A third problem is that the national injunction is inconsistent with the authority of the federal courts. The U.S. Constitution gives the Supreme Court and the lower courts “the Judicial Power.” Courts decide particular cases for particular parties. They do not decide abstract questions for all possible parties. Related to this is the principle that the federal courts have authority to give traditional equitable remedies. But the national injunction has no basis in the tradition of equity. For the first century and a half of the federal courts, there were no national injunctions.
Many other objections to the national injunction exist (some are raised in this article). It is an end-run around the requirements for class actions. Notably even in a class action, the remedy is supposed to protect the plaintiff class, not other people. National injunctions are also in tension with a number of technical doctrines of federal courts. These include doctrines about collateral estoppel against the government, limited authority for a single district judge to make precedent or “clearly established law,” and the narrow scope of who can bring contempt proceedings to enforce an order.
But those issues are secondary to the more fundamental problems—forum-shopping, decision-making, and the proper authority of the federal courts—discussed above.

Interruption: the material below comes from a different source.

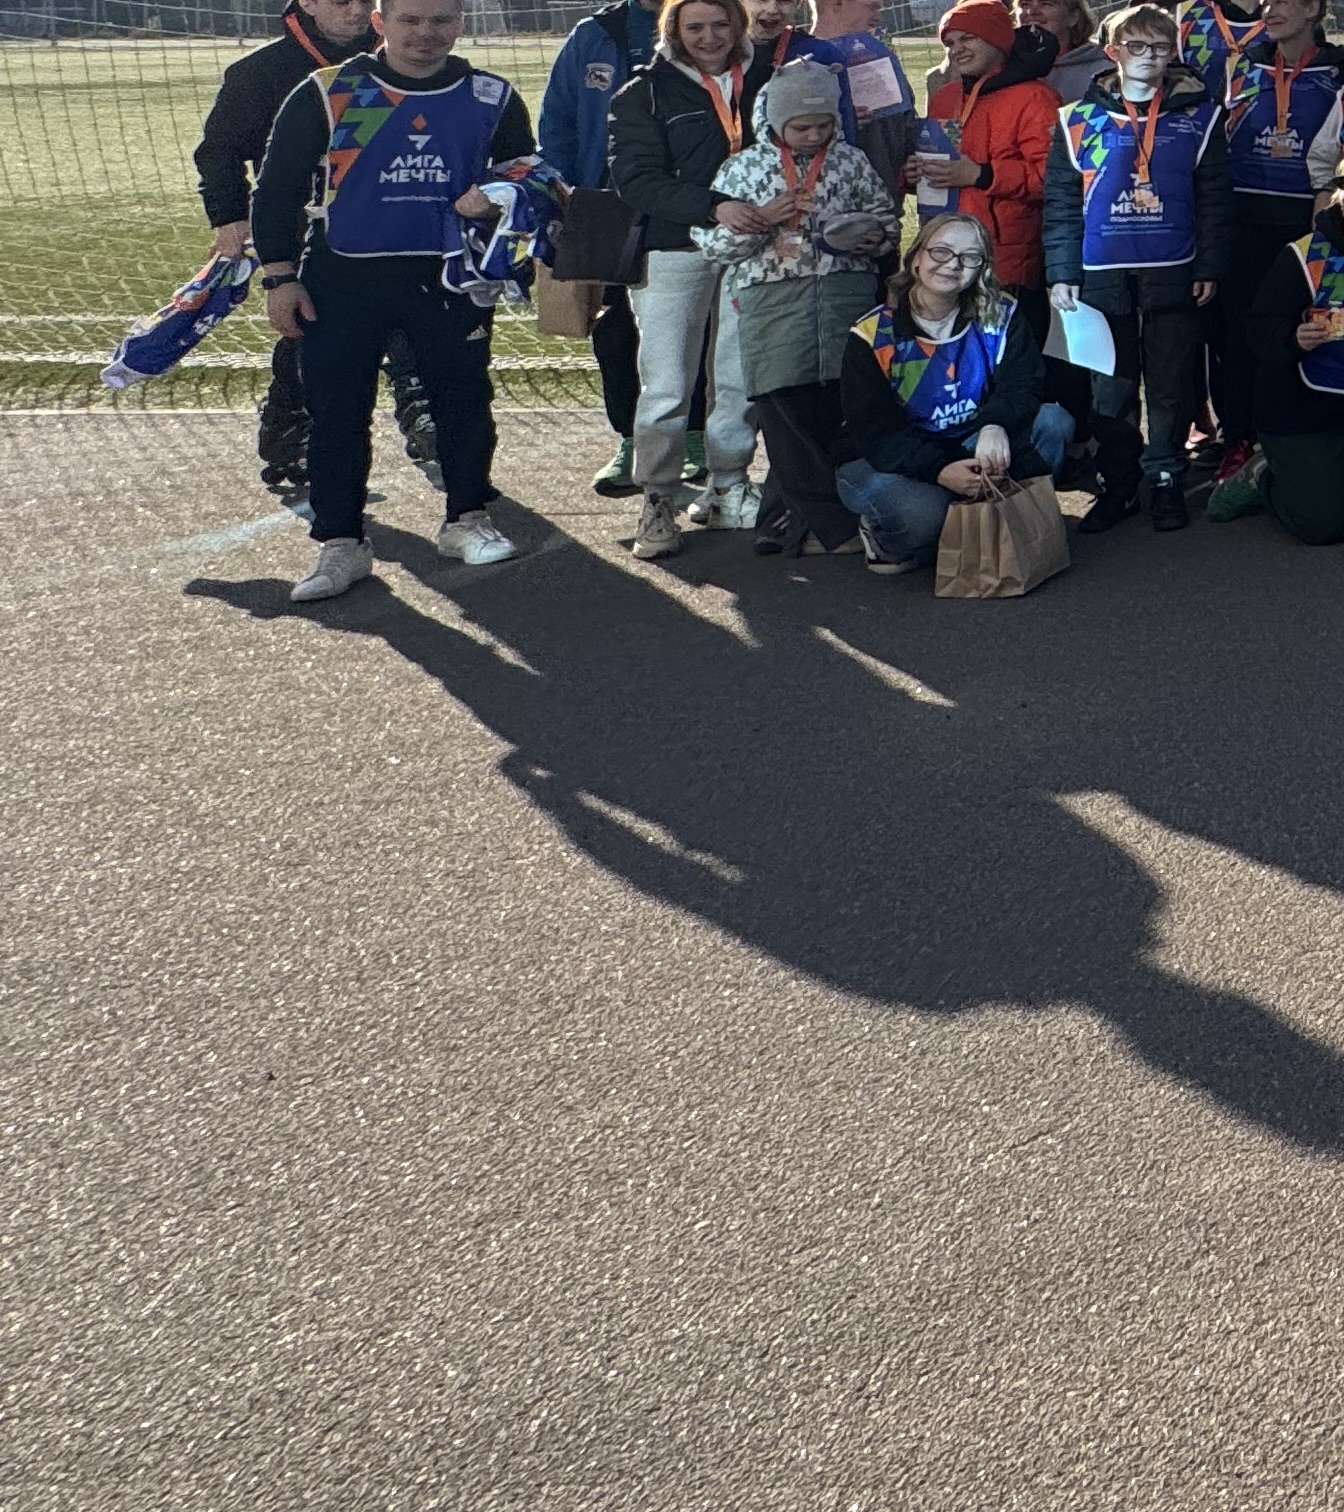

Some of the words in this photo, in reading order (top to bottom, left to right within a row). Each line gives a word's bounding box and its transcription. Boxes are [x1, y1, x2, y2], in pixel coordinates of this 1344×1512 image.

To be sure, there is an important argument for the national injunction. Without a national injunction, there can be inconsistent decisions from different courts. One plaintiff might challenge her deportation and win; another plaintiff might sue in another court and lose. Admittedly, this kind of inconsistency is a failure of justice, a failure to give each person his or her due. But our legal system is constructed for fallible human actors. Our legal system makes the bet that tolerating some inconsistency between cases will create better decisions and more justice in the long run.
The executive order on immigration demonstrates acutely the real human cost to narrow orders, to injunctions that protect only the plaintiffs and not everyone else who might sue throughout the country. We cannot ignore, however, that the national injunction is counter to the way our system of federal courts operates. It is at odds with the Constitution’s grant of “the Judicial Power,” which is a power to decide cases for parties, not questions for everyone. And national injunctions are likely to lead to worse decisions, not better ones.
Democrats have good reason to cry foul. The district courts in Texas went far in binding the Obama administration with national injunctions, indeed much further than the district courts in California had gone in binding the Bush administration. But payback is no way to run a legal system. National injunctions are a bad idea no matter who is president.